The position was an acknowledgment that the church's long-held anti-birth control stance against condoms doesn't justify putting lives at risk.

"This is a game-changer," declared the Rev. James Martin, a prominent Jesuit writer and editor.

The new stance was staked out as the Vatican explained Pope Benedict XVI's comments on condoms and HIV in a book that came out Tuesday based on his interview with a German journalist.

The Vatican still holds that condom use is immoral and that church doctrine forbidding artificial birth control remains unchanged. Still, the reassessment on condom use to help prevent disease carries profound significance, particularly in Africa where AIDS is rampant.

"By acknowledging that condoms help prevent the spread of HIV between people in sexual relationships, the pope has completely changed the Catholic discussion on condoms," said Martin, a liberal-leaning author of several books about spirituality and Catholic teaching.

The development came on a day when UNAIDS officials announced that the number of new HIV cases has fallen significantly — thanks to condom use — and a U.S. medical journal published a study showing that a daily pill could help prevent spread of the virus among gay men.

"This is a great day in the fight against AIDS ... a major milestone," said Mitchell Warren, head of the AIDS Vaccine Advocacy Coalition.
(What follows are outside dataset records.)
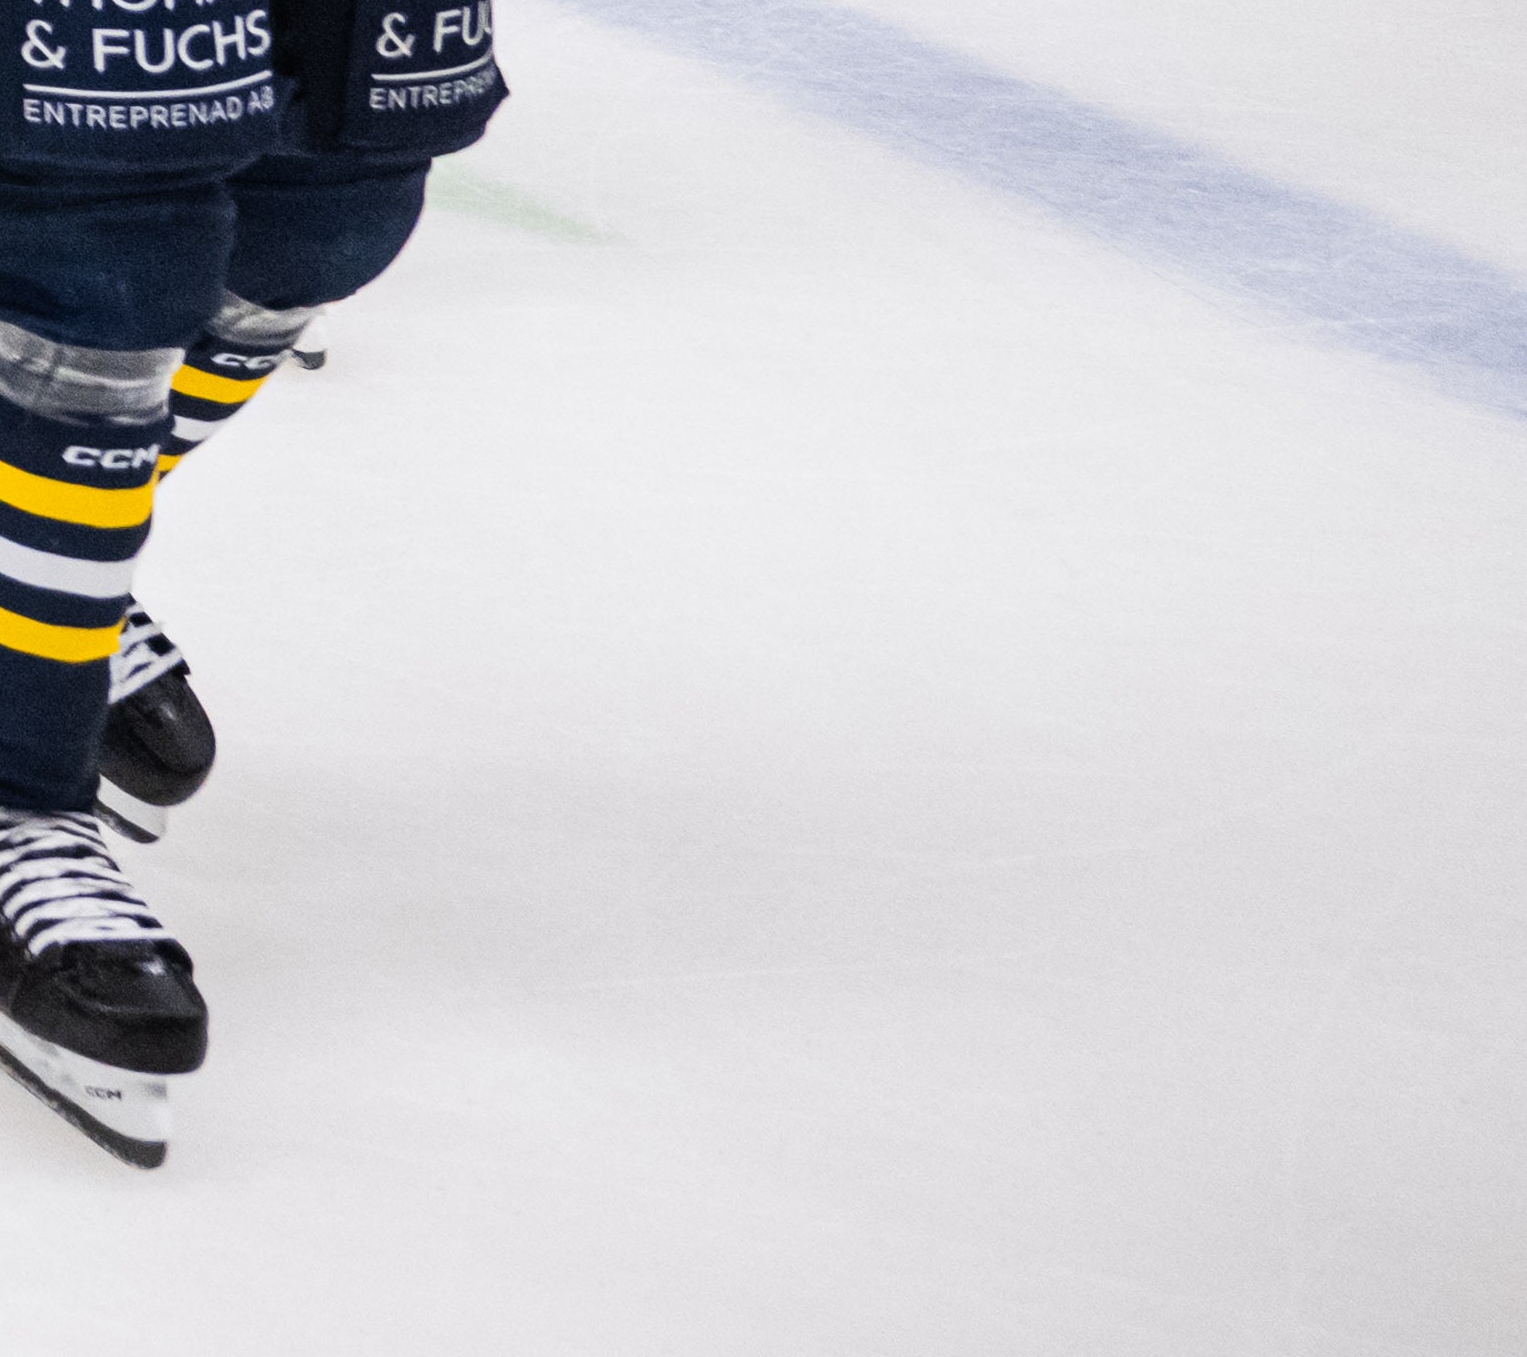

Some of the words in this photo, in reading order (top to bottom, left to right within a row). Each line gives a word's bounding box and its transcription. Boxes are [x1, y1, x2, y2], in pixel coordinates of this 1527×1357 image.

[20, 19, 67, 73] &
[91, 8, 272, 77] FUCHS
[374, 13, 416, 62] &
[22, 93, 244, 131] ENTREPRENAD
[62, 443, 161, 472] CCM
Theologians have debated for years whether it could be morally acceptable for HIV-infected people to use condoms to avoid infecting their partners. The Vatican years ago was reportedly preparing a document on the subject, but it never came out.

The groundbreaking shift, coming as it does from the deeply conservative pontiff, would appear likely to restrain any public criticism from Catholic conservatives, who insisted Tuesday that the pope was merely reaffirming the church's moral teaching.

Conservatives have feared that a comment like this would give support to Catholics who want to challenge the church's ban on artificial contraception in an environment where they feel they are under siege from a secular, anti-Catholic culture.

George Weigel, a conservative Catholic writer, said the Vatican was by no means endorsing condom use as a method of contraception or a means of AIDS prevention.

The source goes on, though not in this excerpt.